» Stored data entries
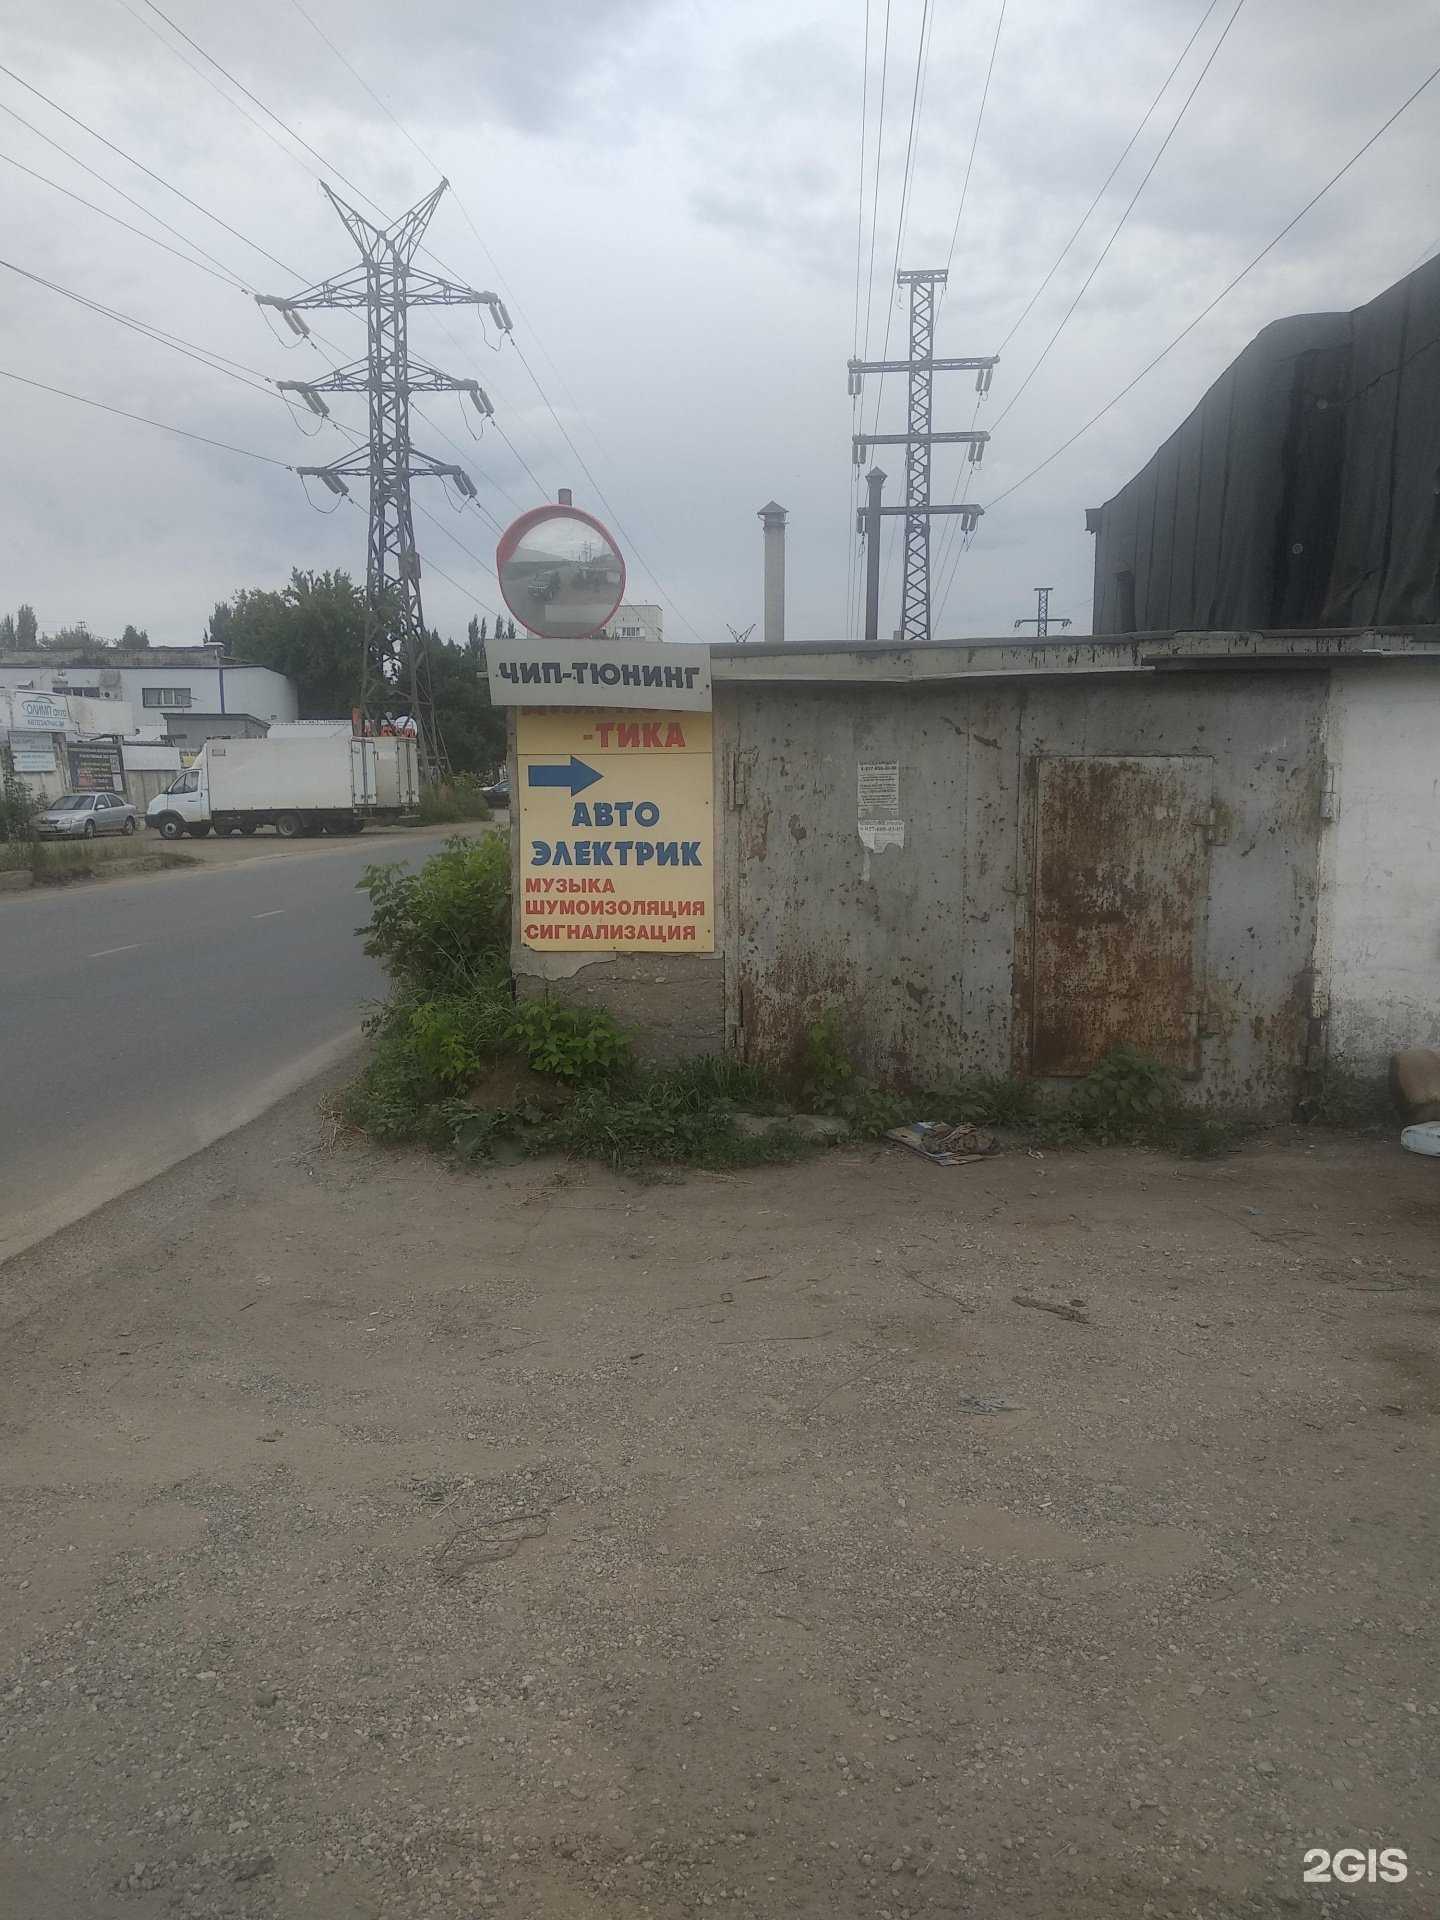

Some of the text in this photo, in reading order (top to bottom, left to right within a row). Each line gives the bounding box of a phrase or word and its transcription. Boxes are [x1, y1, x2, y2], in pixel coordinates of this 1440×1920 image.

[499, 662, 700, 689] ЧИП-ТЮНИНГ
[571, 801, 660, 827] АВТО
[530, 841, 703, 866] ЭЛЕКТРИК
[525, 878, 615, 893] МУЗЫКА
[525, 901, 705, 918] ШУМОИЗОЛЯЦИЯ
[525, 924, 696, 941] СИГНАЛИЗАЦИЯ

» Goal of the exercise
None of the pictures belong in the copy; transcribe the rest of the data exactly.

» Completed task
Some of the text in this photo, in reading order (top to bottom, left to right within a row). Each line gives the bounding box of a phrase or word and its transcription. Boxes are [x1, y1, x2, y2], in pixel coordinates of this 1440×1920 image.

[499, 662, 700, 689] ЧИП-ТЮНИНГ
[571, 801, 660, 827] АВТО
[530, 841, 703, 866] ЭЛЕКТРИК
[525, 878, 615, 893] МУЗЫКА
[525, 901, 705, 918] ШУМОИЗОЛЯЦИЯ
[525, 924, 696, 941] СИГНАЛИЗАЦИЯ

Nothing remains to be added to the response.